In Dance: the Isadora goes to....

The achievements of BC’s dance artists were honoured at a ceremony held on September 12 at Scotiabank Dance Centre, as The Dance Centre announced Lola MacLaughlin and Noam Gagnon as recipients of the Isadora Awards for Excellence in Choreography and Excellence in Performance respectively.

The annual Isadora Awards, named after the great dance pioneer Isadora Duncan (1878-1927), were instituted by The Dance Centre in 1999 to recognize and celebrate the achievements of the dance profession in British Columbia. Members of the dance community are invited to nominate artists for the award, and an independent jury of professionals working in the field selects recipients based on specific criteria.

Lola MacLaughlin’s award for Excellence in Choreography is for her acclaimed work Provincial Essays, an ensemble piece inspired by our relationship with the natural world, which premiered at Scotiabank Dance Centre in 2007 and was subsequently featured at the Canada Dance Festival.  In a career which spans over 25 years, MacLaughlin has earned a reputation for her original and distinctive style, and her close collaborations with composers, artists and designers. Noam Gagnon receives the award for Excellence in Performance for his virtuoso tour de force in The Vision Impure. Best known as one half of the wildly successful The Holy Body Tattoo, Gagnon performed The Vision Impure, which featured works choreographed by himself and English dance artist Nigel Charnock. This work was the first project of his new company Co. Vision Selective; it premiered at the Vancouver East Cultural Centre in 2007.

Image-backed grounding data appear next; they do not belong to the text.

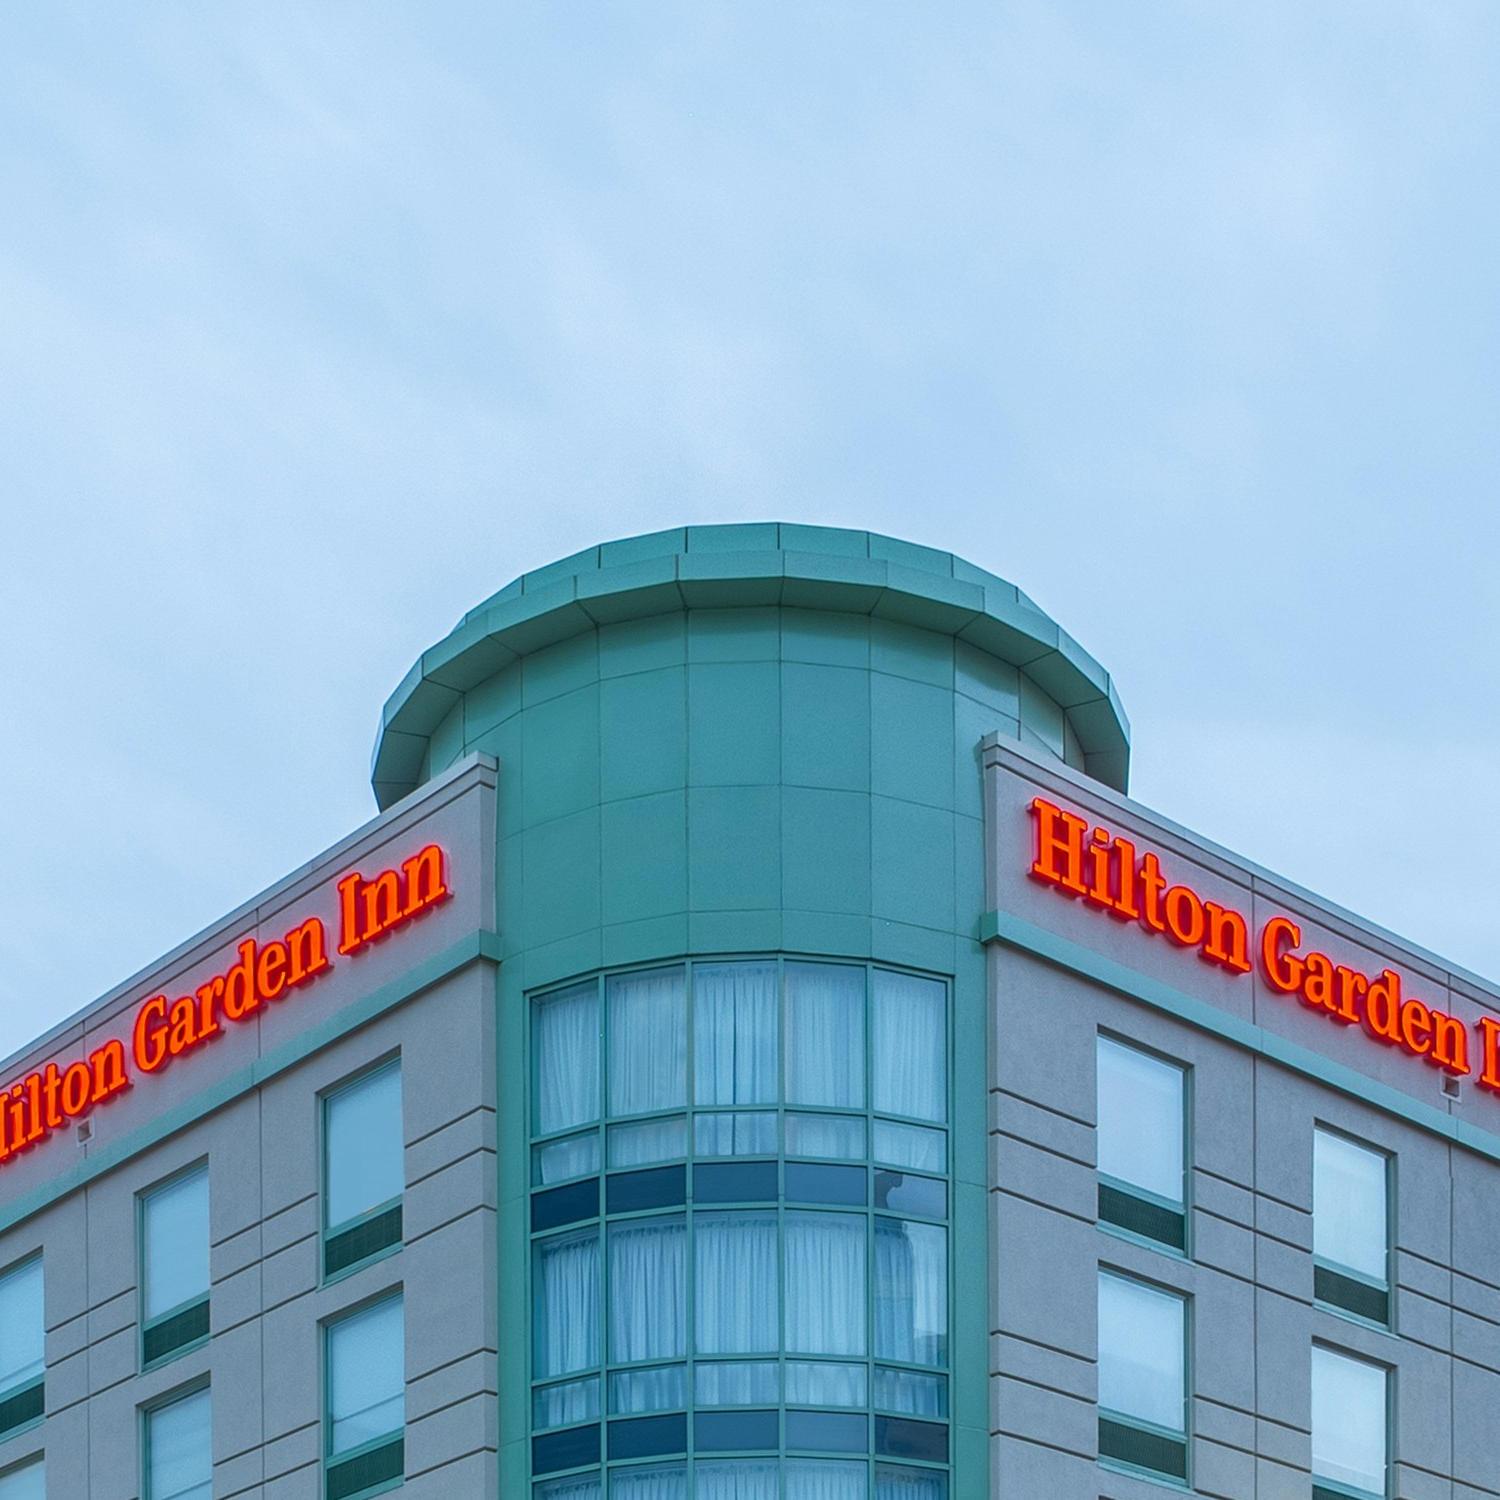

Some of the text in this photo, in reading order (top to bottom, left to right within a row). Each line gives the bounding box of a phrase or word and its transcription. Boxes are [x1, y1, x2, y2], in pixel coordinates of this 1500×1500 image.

[131, 917, 328, 1073] Garden
[336, 843, 447, 956] Inn
[1032, 797, 1253, 974] Hilton
[1262, 917, 1472, 1075] Garden
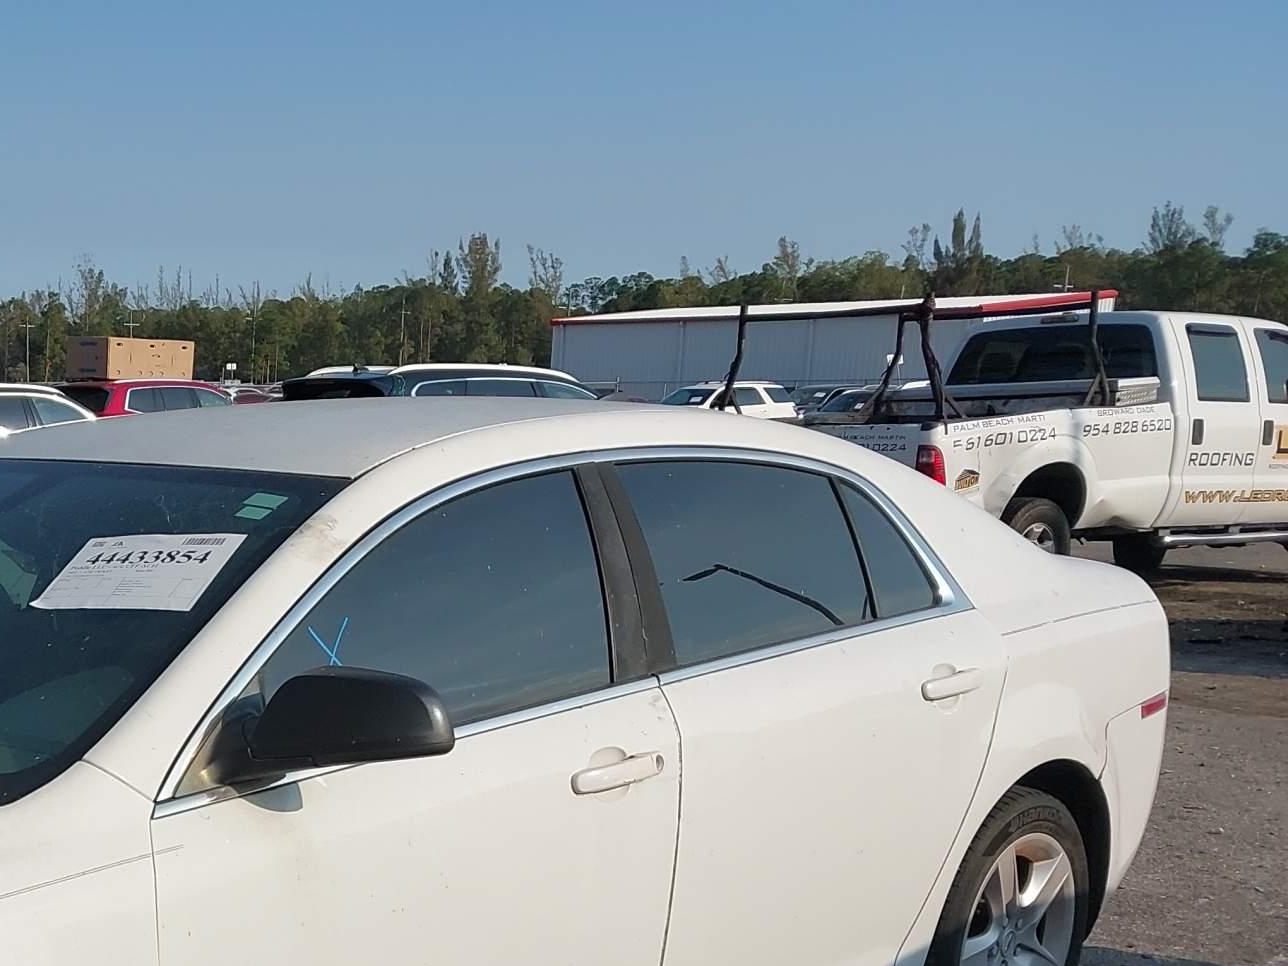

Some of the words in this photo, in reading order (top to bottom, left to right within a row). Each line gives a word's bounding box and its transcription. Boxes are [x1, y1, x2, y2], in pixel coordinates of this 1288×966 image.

[1097, 407, 1135, 417] BROWARD
[1137, 406, 1155, 414] DADE
[953, 422, 980, 432] PALM
[982, 417, 1014, 428] BEACH
[1083, 423, 1110, 437] 954
[1113, 421, 1138, 434] 828
[1141, 418, 1172, 432] 6520
[984, 432, 1014, 447] 601
[1017, 427, 1056, 443] 0224
[1188, 452, 1255, 466] ROOFING
[86, 550, 213, 565] 44433854
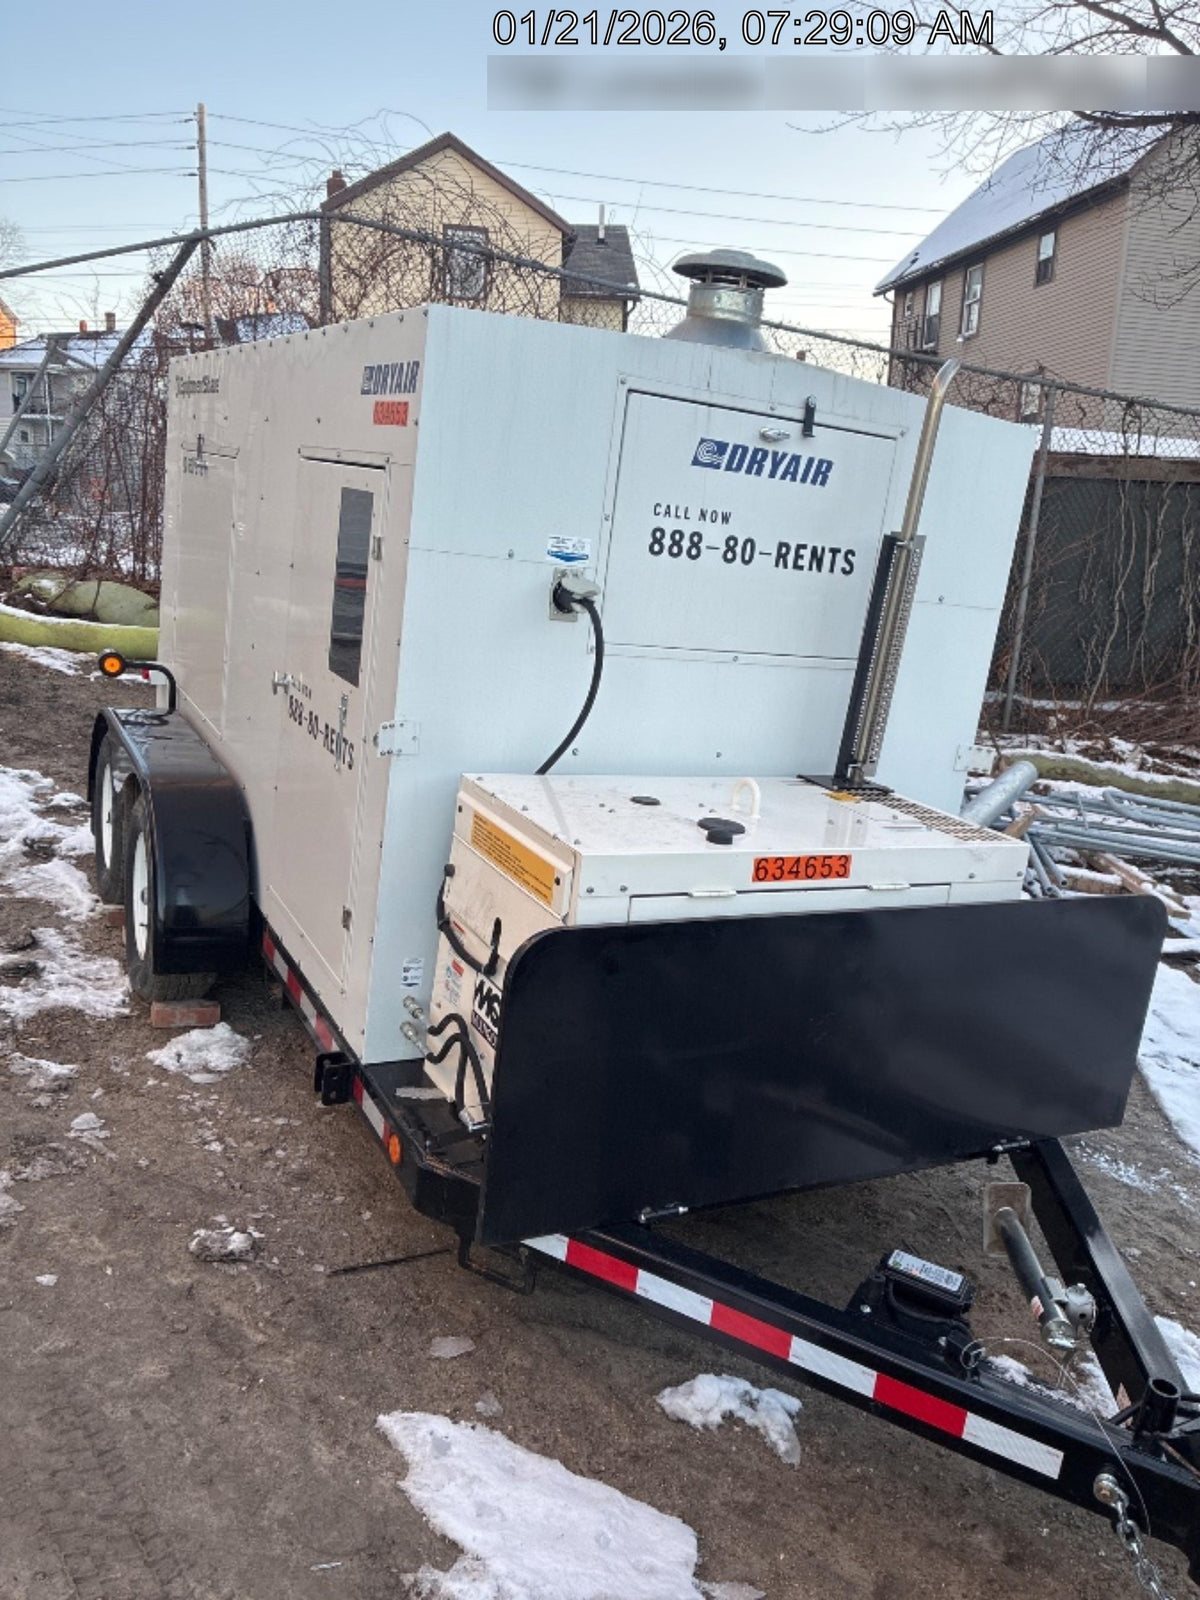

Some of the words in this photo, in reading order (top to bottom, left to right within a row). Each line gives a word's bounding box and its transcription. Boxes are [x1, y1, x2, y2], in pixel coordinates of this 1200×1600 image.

[372, 360, 420, 395] DRYAIR
[723, 443, 834, 487] DRYAIR
[653, 502, 691, 520] CALL
[698, 507, 732, 525] NOW
[648, 526, 857, 576] 888-80-RENTS
[288, 694, 354, 770] 888-80-RETS
[754, 854, 849, 881] 634653
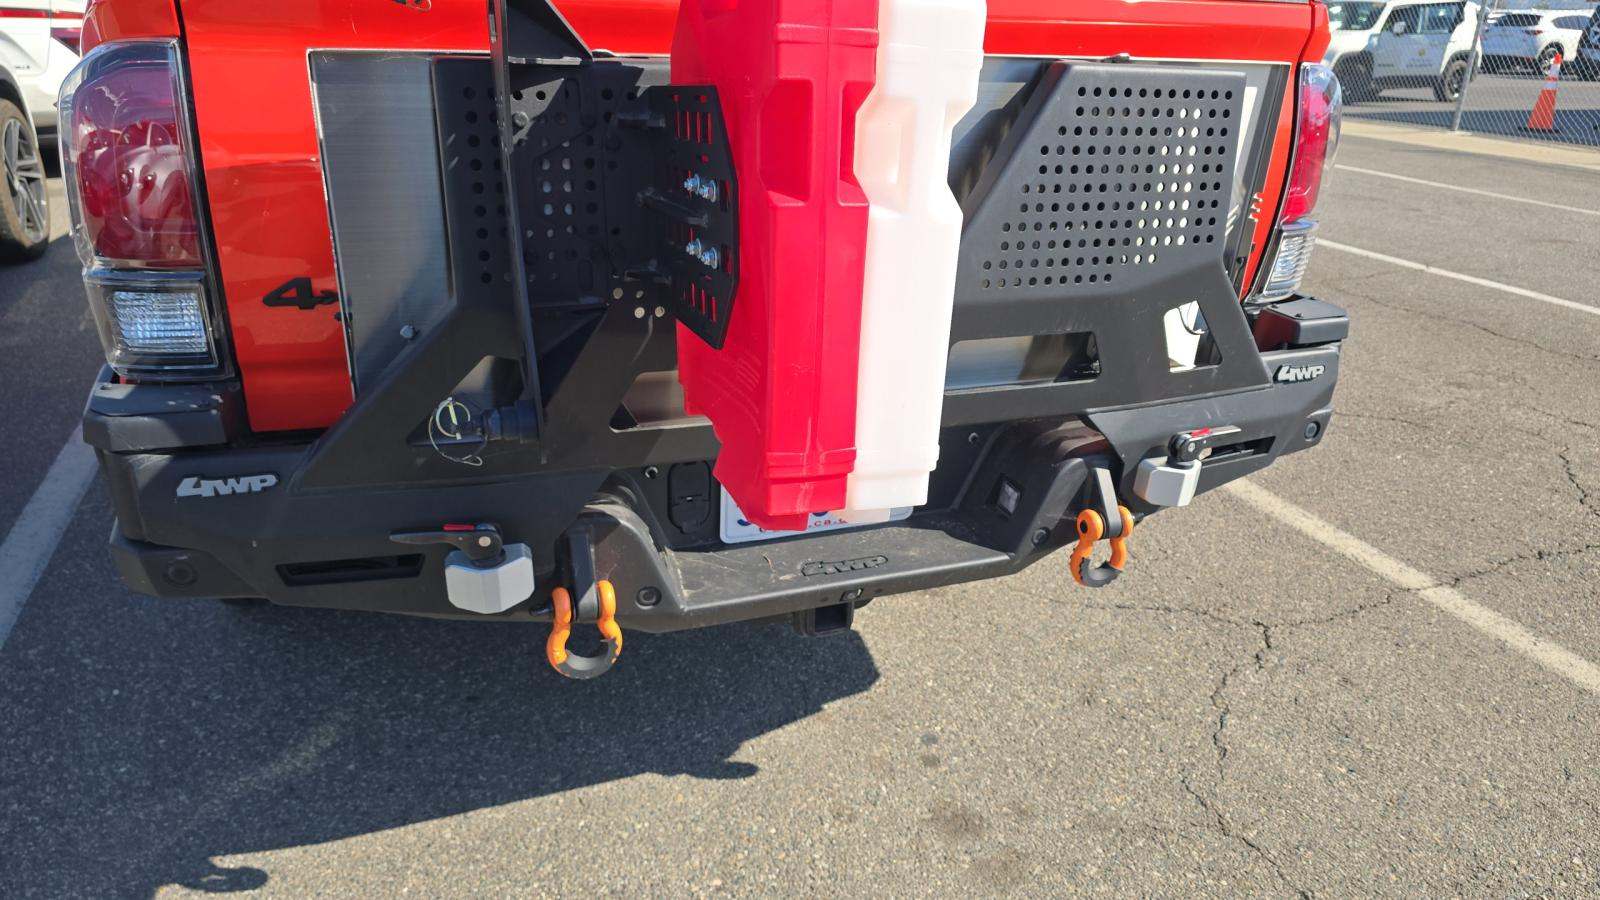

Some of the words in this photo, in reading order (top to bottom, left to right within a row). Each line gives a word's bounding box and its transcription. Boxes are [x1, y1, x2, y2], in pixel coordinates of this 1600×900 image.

[1277, 365, 1325, 382] 4WP
[176, 474, 278, 497] 4WP
[801, 555, 889, 577] 4WP
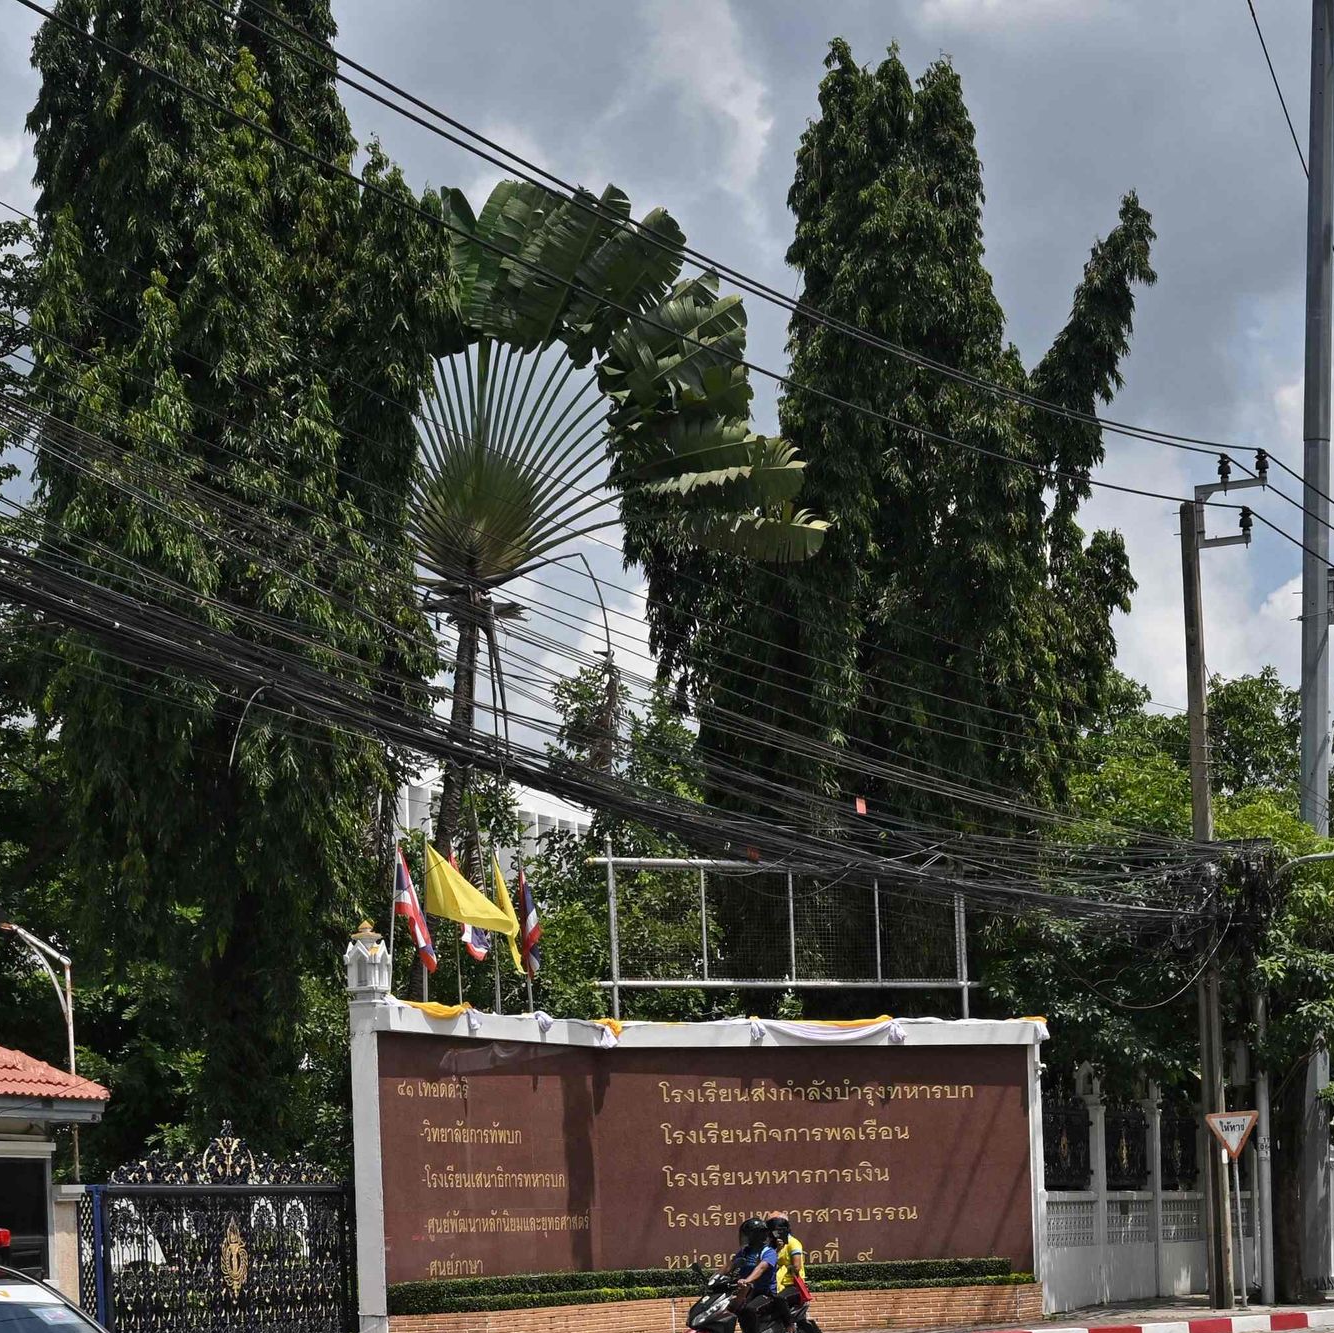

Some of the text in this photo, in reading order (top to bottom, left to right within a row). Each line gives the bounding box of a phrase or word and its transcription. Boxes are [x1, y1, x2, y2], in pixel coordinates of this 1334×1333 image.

MacLaughlin and Gagnon each receive an Isadora Award – a sculpture specially created by the eminent glass artist Mary Filer – and fully subsidized rehearsal space at Scotiabank Dance Centre to the value of $500, plus $500 cash. Previous Isadora recipients have included Susan Elliott, Kathleen McDonagh, Anne Cooper, Peter Bingham, Chick Snipper, Crystal Pite, Joe Laughlin, Jai Govinda, Ron Stewart, Wen Wei Wang, Judith Garay and Alison Denham.

Artist Biographies

Lola MacLaughlin Prior to a career in dance, Lola MacLaughlin was a student of biology and psychology, and did a stint as a singer with a German rock band. MacLaughlin graduated from dance studies at Simon Fraser University and continued her training in New York, Toronto and Vancouver. Seminally influenced by studies at the Freie Universitat in Berlin, the punk movement of the early 1980’s and the German Ausdruckstanz, MacLaughlin’s first works were performed by EDAM, the radical Vancouver performance collective that she co-founded in 1983. Since 1989, she has been the artistic director of her own company, Lola Dance. The diverse body of work that she has developed since then has been recognized through The Banff Centre's Clifford E. Lee Award, The Canada Council's Jacqueline Lemieux Prize and the 2003 Candance Commission. The works Four Solos/Four Cities, fuse, and Volio have all toured nationally in recent years and Lola Dance has been seen at the Canada Dance Festival, the FIND Festival in Montreal and the 20th Danceweek Festival in Zagreb, Croatia. In May 2007, Lola Dance premiered Provincial Essays, an eclectic collection of choreographic landscapes for five dancers, which was most recently seen at the 2008 Canada Dance Festival in Ottawa. Lola is creating a new, full length work, Princes, Infanta, Queen, which will premiere in the fall of 2009.

Noam Gagnon As Co-Artistic Director and Choreographer of The Holy Body Tattoo, Noam Gagnon has created work that has received both critical and audience acclaim in Canada, the US, Asia and Europe. our brief eternity captured nominations in both dance categories of The Dora Mavor Moore Awards in 1997, winning Best Ensemble Performance, and has toured extensively, recently being performed at the Sydney Opera House in Australia. The film version of Poetry & Apocalypse has been screened in over 16 different international film festivals, winning several awards. Circa, which received the inaugural Alcan Performing Arts Award, has been performed over 100 times around the world, including at Ein Fest in Wuppertal in Germany at the invitation of Pina Bausch, and at London’s Barbican Theatre. Cine Qua Non’s film version of Circa was first broadcast on Bravo! Television in February 2005. monumental, The Holy Body Tattoo’s largest work to date, premiered in Ottawa in 2005 and since then has toured Canada and been featured as part of UCLA Live in Los Angeles. Gagnon has performed independently for leading choreographers from Canada and Europe and is also the Artistic Director of Co. Vision Selective and the Director of Noam Gagnon's Wellness Center/Beyond Pilates Inc. He is an Associate Dance Artist of Canada’s National Arts Centre.

The Dance Centre is BC’s resource centre for dance. It provides resources, information and support to the dance profession; runs performances and programs for artists and the public; and operates Scotiabank Dance Centre, Canada’s flagship dance facility, in downtown Vancouver.